A graduate of Western States Chiropractic College in Portland, Oregon, Dr. Attalla muses, “Spending 100 days at sea, testing my physical and mental limits, has appealed to me for many years.”

This race promises, indeed, to be a test of endurance and strength. In the 2005 race, competitors faced the tail end of a hurricane, a horrific shark attack, three tropical storms, many capsizes and six dramatic rescues. By December 8, Dr. Paul’s own blog was already reporting terrible sea-sickness as well as waves and wind that made it too rough to light the stove or make water. By December 9, there was a leak in Dr. Paul’s boat but the weather – and, hence, Dr. Paul’s stomach – was co-operating with his efforts at repair. However, these setbacks were being balanced by the retinue of dolphins that have joined him and the sea-turtle that is courting his cleaning brush!

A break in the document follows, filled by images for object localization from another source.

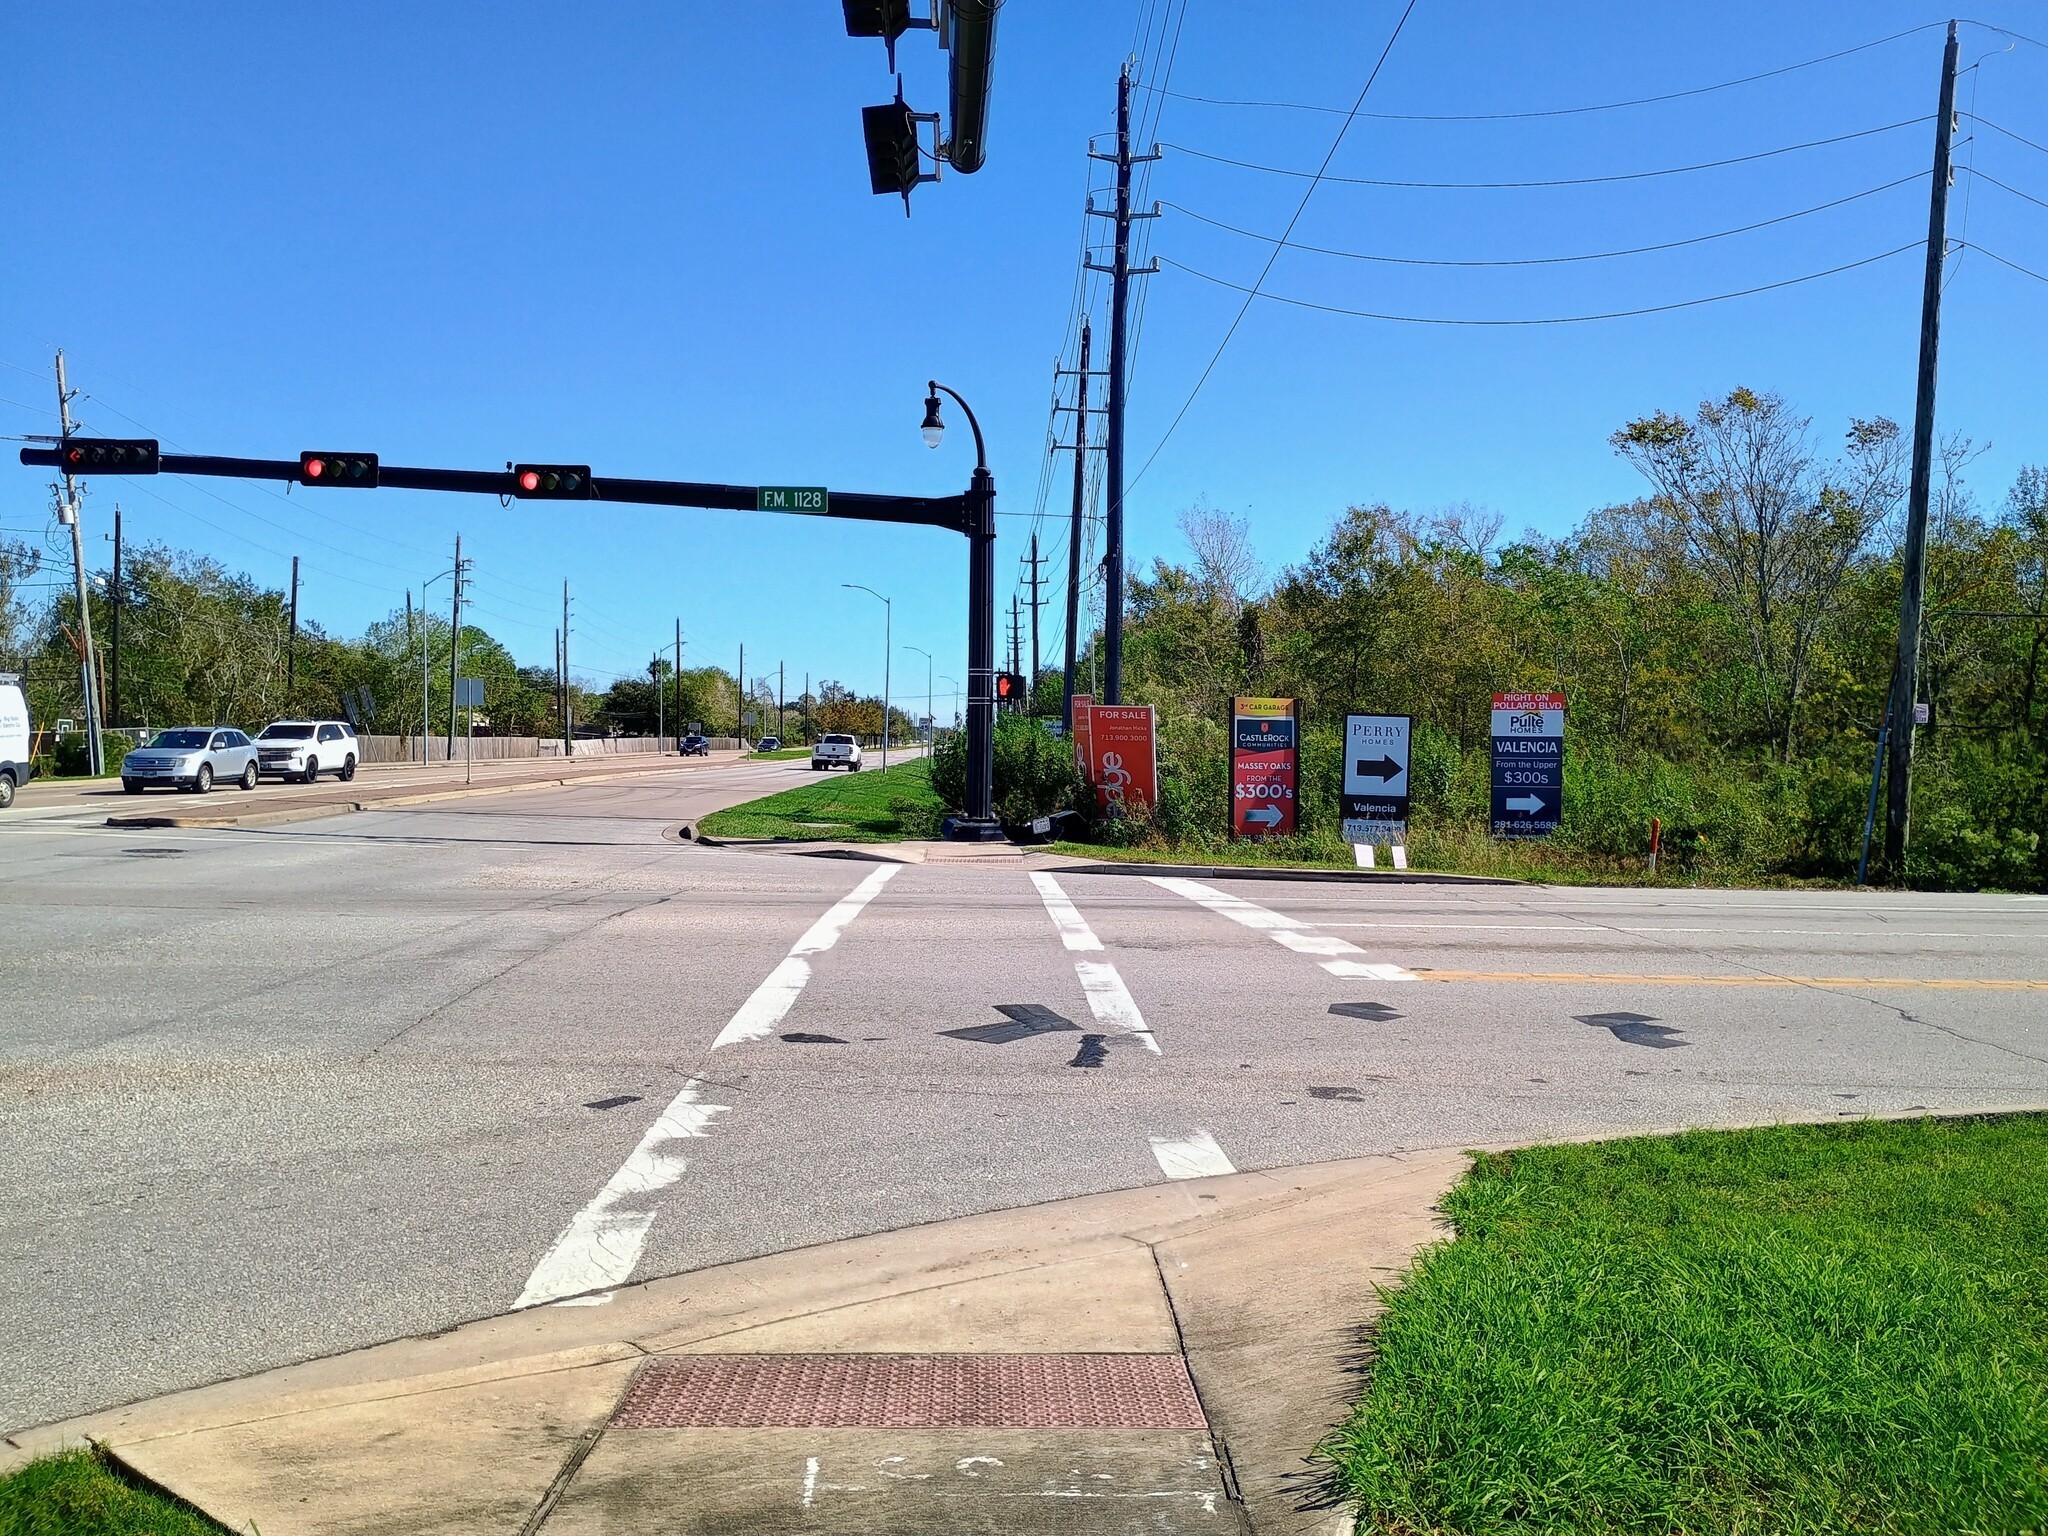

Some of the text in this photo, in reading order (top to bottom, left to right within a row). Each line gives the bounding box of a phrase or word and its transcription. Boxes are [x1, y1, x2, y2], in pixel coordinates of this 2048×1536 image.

[794, 491, 822, 508] 1128
[1503, 693, 1549, 702] RIGHT ON
[1249, 703, 1263, 711] CAR
[1263, 703, 1289, 711] GARAGE
[1493, 701, 1562, 710] POLLARD BLVD
[1099, 711, 1147, 720] FOR SALE
[1510, 714, 1544, 728] Pulte
[1352, 723, 1404, 737] PERRY
[1101, 734, 1148, 742] 713.900.3000
[1361, 738, 1395, 746] HOMES
[1496, 741, 1558, 753] VALENCIA
[1237, 762, 1292, 770] MASSEY OAKS
[1495, 760, 1558, 769] From the Upper
[1504, 770, 1549, 784] $300s
[1235, 782, 1293, 800] $300's
[1353, 802, 1397, 813] Valencia
[1494, 820, 1558, 829] 281-626-5588

Attalla’s craft is a Woodvale solo-class rowing boat – there are no sails or motors involved in this race. Its length is 23.11 feet, its beam measures six feet and weighs 617 pounds. The boat has been designed to give the long-distance solo rower the comfort and stowage to complete ocean crossings. The craft’s cabin volumes make the boat highly self-righting and the lowered aft cabin floor make it possible for the rower to sit upright, not stooping, when taking shelter from weather. The addition of a centre board to this type of boat means that it can be rowed into weather.

Prior to his departure from the Canary Islands, Attalla held a sticker-posting party to add the necessary finishing touches to his craft; all guestbook entries that had been made to his website, to that date – including one from Canadian Chiropractor magazine – were glued onto the boat and his daughters further decorated with finger-paint and glitter glue.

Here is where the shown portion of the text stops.